**EXERCISE DETAILS**
What must be handed in is the entire listing, exactly as written, with no pictures.

(SOURCE MATERIAL Opens)

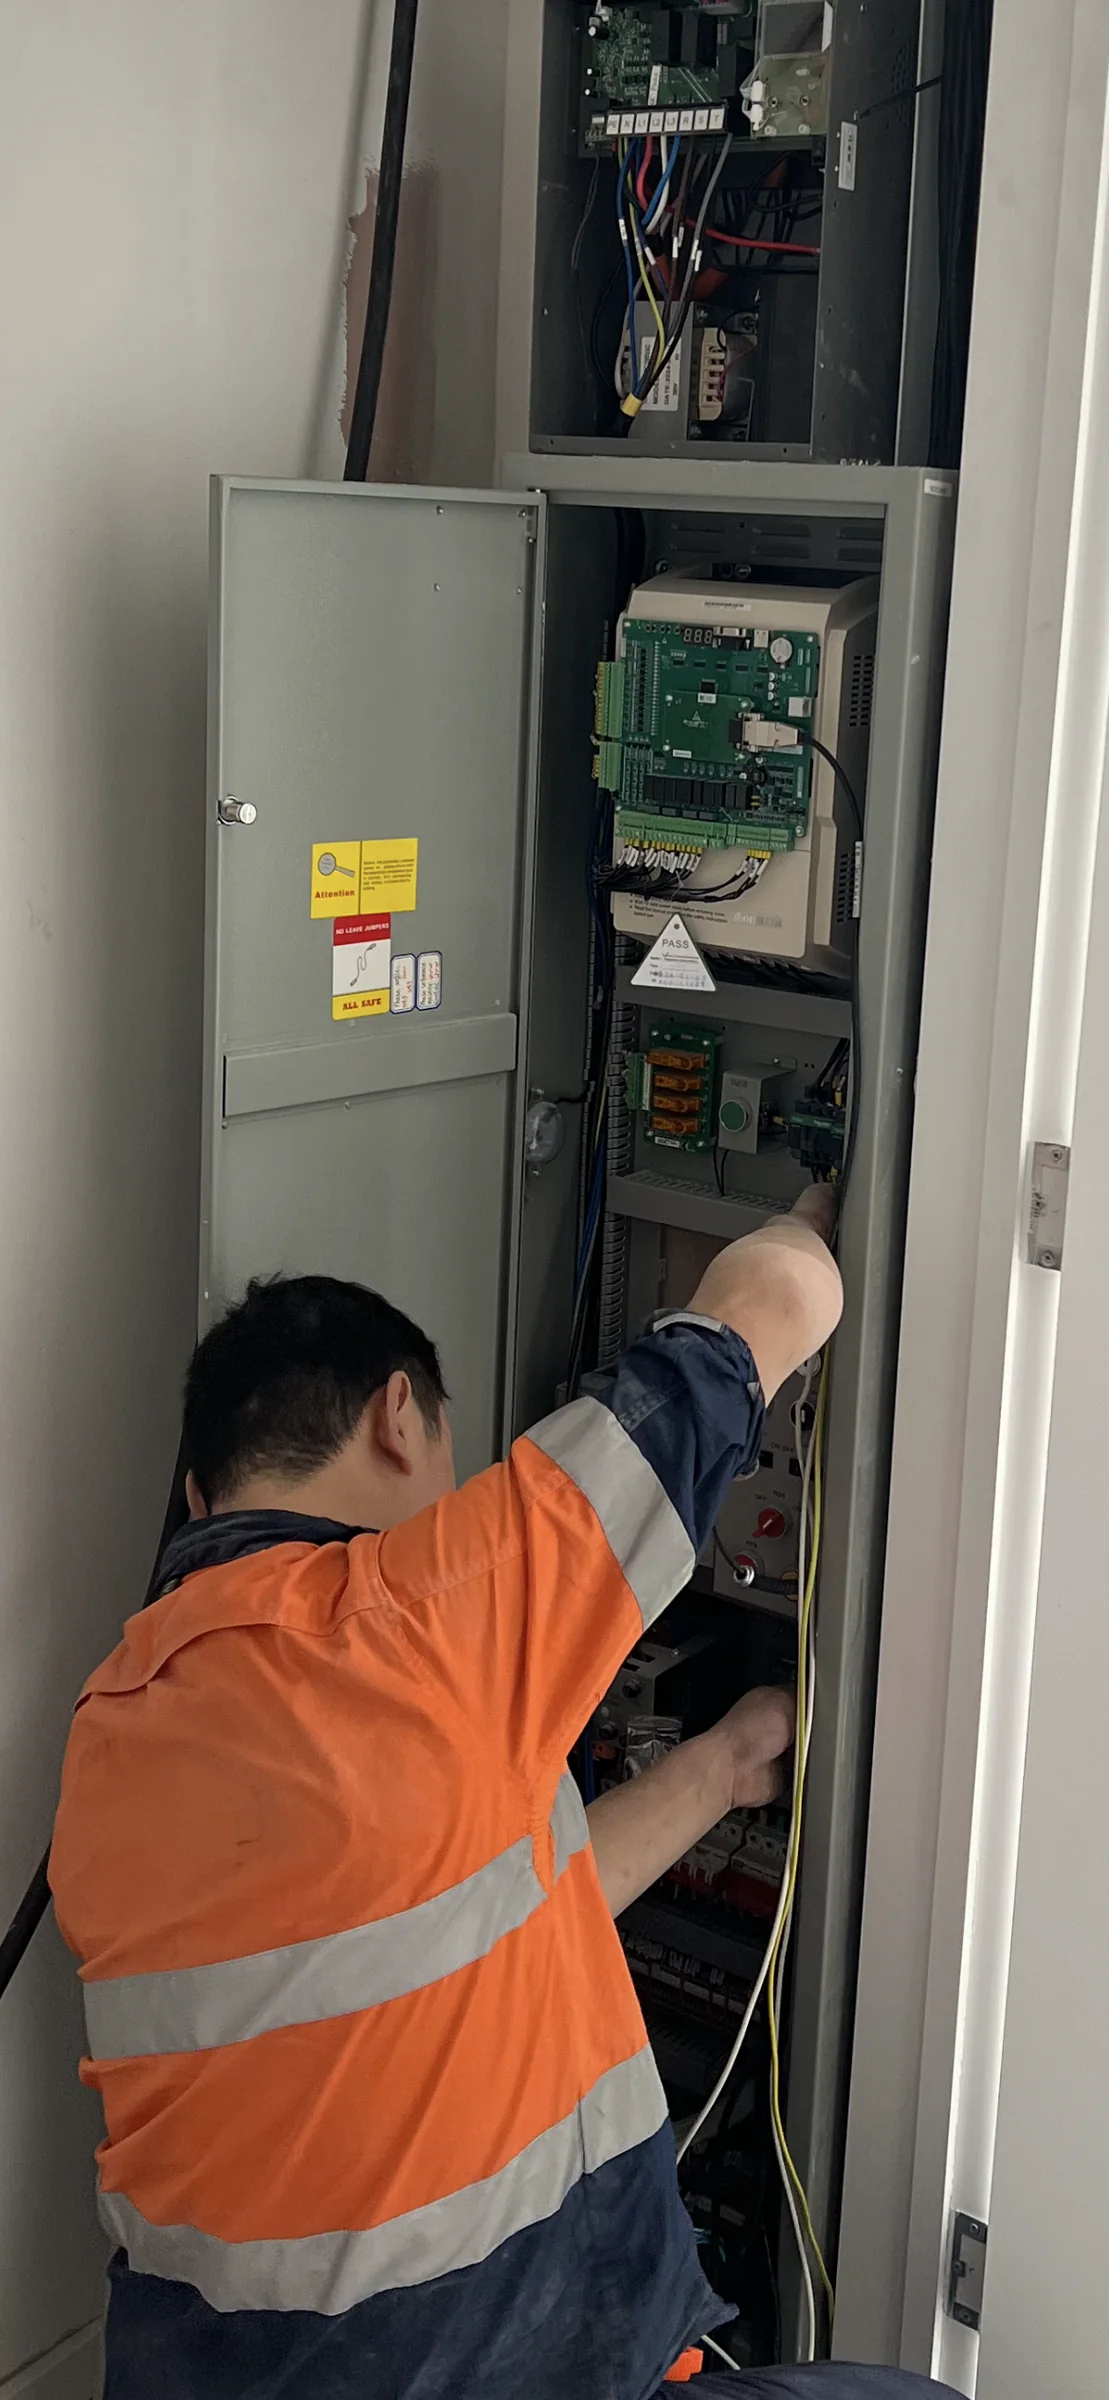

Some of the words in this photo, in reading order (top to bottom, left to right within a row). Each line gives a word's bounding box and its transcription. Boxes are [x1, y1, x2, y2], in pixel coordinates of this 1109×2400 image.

[637, 119, 646, 128] L1
[651, 118, 660, 127] L2
[666, 117, 676, 126] L3
[682, 116, 689, 125] R
[698, 115, 704, 124] S
[314, 889, 355, 899] Attention
[345, 925, 363, 934] LEAVE
[364, 923, 389, 932] JUMPERS
[661, 938, 689, 949] PASS
[342, 1001, 359, 1011] ALL
[361, 997, 382, 1007] SAFE

(SOURCE MATERIAL Closes)

**ANSWER TO THIS PROBLEM**
Some of the words in this photo, in reading order (top to bottom, left to right within a row). Each line gives a word's bounding box and its transcription. Boxes are [x1, y1, x2, y2], in pixel coordinates of this 1109×2400 image.

[637, 119, 646, 128] L1
[651, 118, 660, 127] L2
[666, 117, 676, 126] L3
[682, 116, 689, 125] R
[698, 115, 704, 124] S
[314, 889, 355, 899] Attention
[345, 925, 363, 934] LEAVE
[364, 923, 389, 932] JUMPERS
[661, 938, 689, 949] PASS
[342, 1001, 359, 1011] ALL
[361, 997, 382, 1007] SAFE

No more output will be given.